Manuel sintió que sus piernas se aflojaban, y volvió a caer en su silla, exclamando en voz baja:
—¡Maldita naturaleza humana, yo te dominaré!
—¡Como yo primero he comenzado mis explicaciones! —interrumpió Arturo—, ¿me permitiréis que las concluya?
—Está muy puesto en el orden, amigo mío —contestó Rugiero con una voz muy suave, y sentándose con tranquilidad.
—Para ahorrar palabras —prosiguió Arturo—, os diré que la deuda que tengo con vos, me abruma y me pesa.
—¿Pero qué deuda, amigo mío? —preguntó Rugiero fingiéndose asombrado.
—Vos me prestasteis un fistol de brillantes; éste fue robado a mi padre, y es claro que yo soy el único responsable; conque no me hagáis más preguntas, y decidme el precio de la alhaja: yo me daré modo de pagarla, si no en el acto, al menos en algún plazo prudente; pero decididamente, vos ejercéis, sin duda, por esta causa un dominio en mi persona, que literalmente no me deja movimiento libre.

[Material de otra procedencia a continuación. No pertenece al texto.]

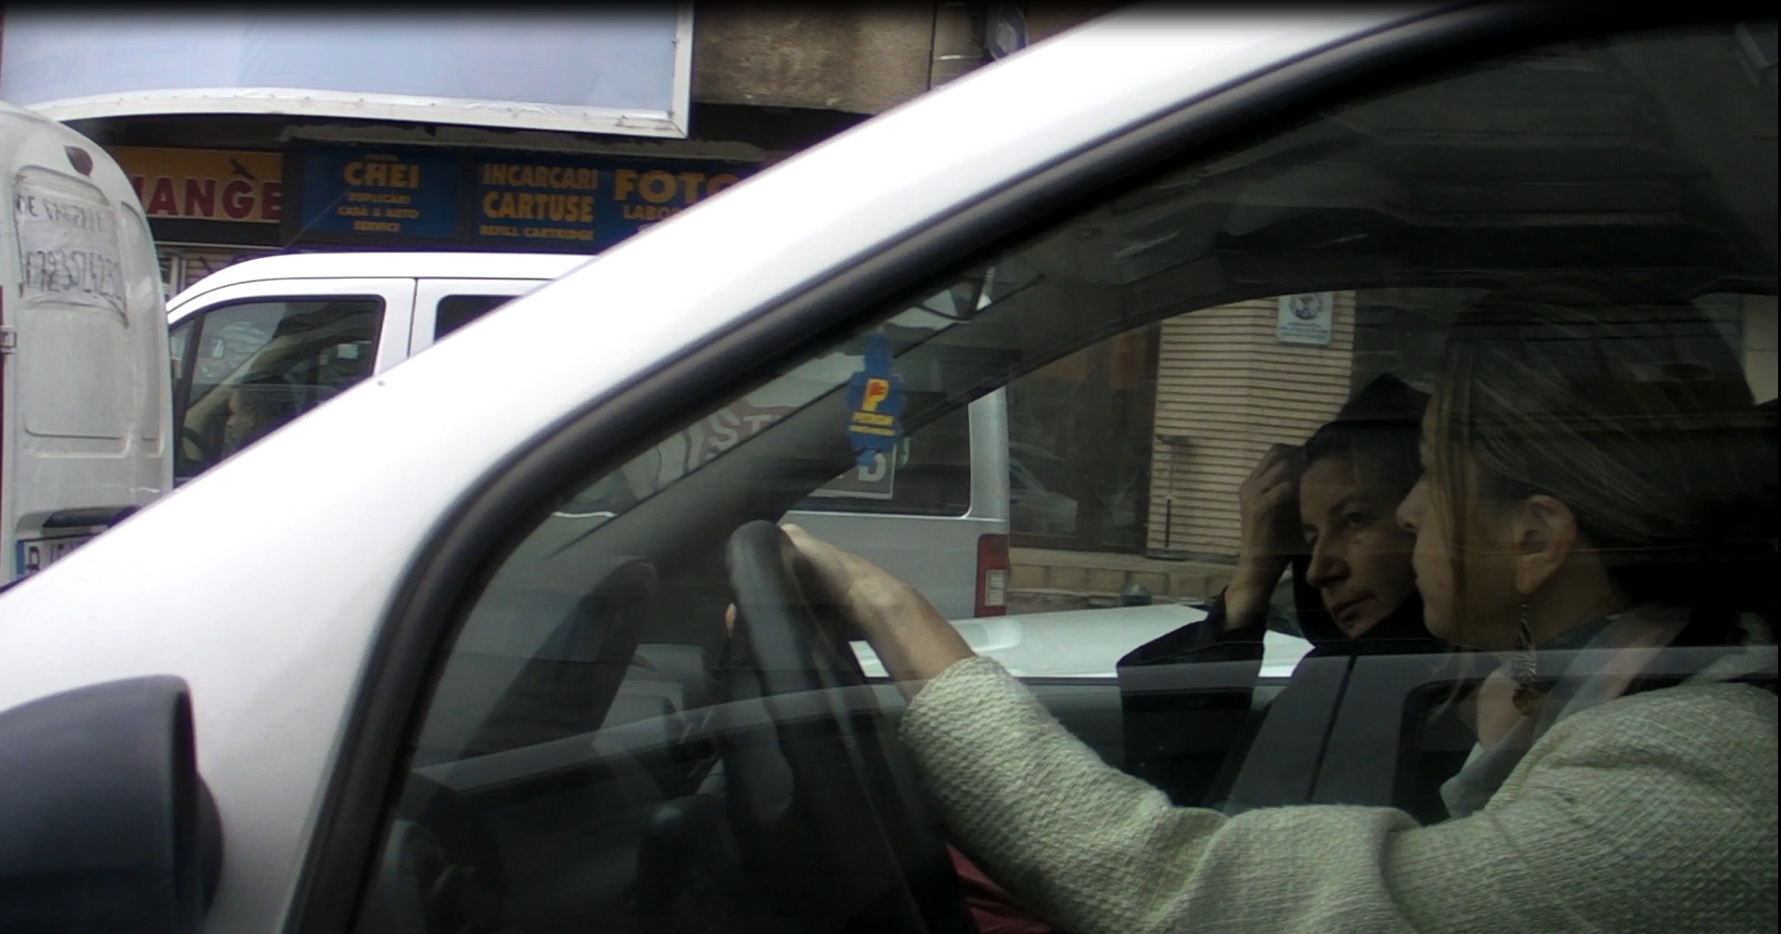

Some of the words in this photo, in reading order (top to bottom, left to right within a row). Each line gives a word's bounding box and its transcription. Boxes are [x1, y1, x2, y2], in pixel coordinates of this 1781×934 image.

En México, en Tampico, en todas partes, siempre os encuentro, y delante de vos estoy como un chico de la escuela. Esto es terrible, y vale más que me deis un balazo en la mitad de la frente.
Rugiero soltó la carcajada.
—No, de ninguna manera; y puesto que queréis que hagamos un trato mercantil, no tengo inconveniente alguno. ¿Conque queréis comprar el fistol?
—Sin duda; ya lo he dicho.
—¿No os pesará saber su historia?
—De ninguna suerte.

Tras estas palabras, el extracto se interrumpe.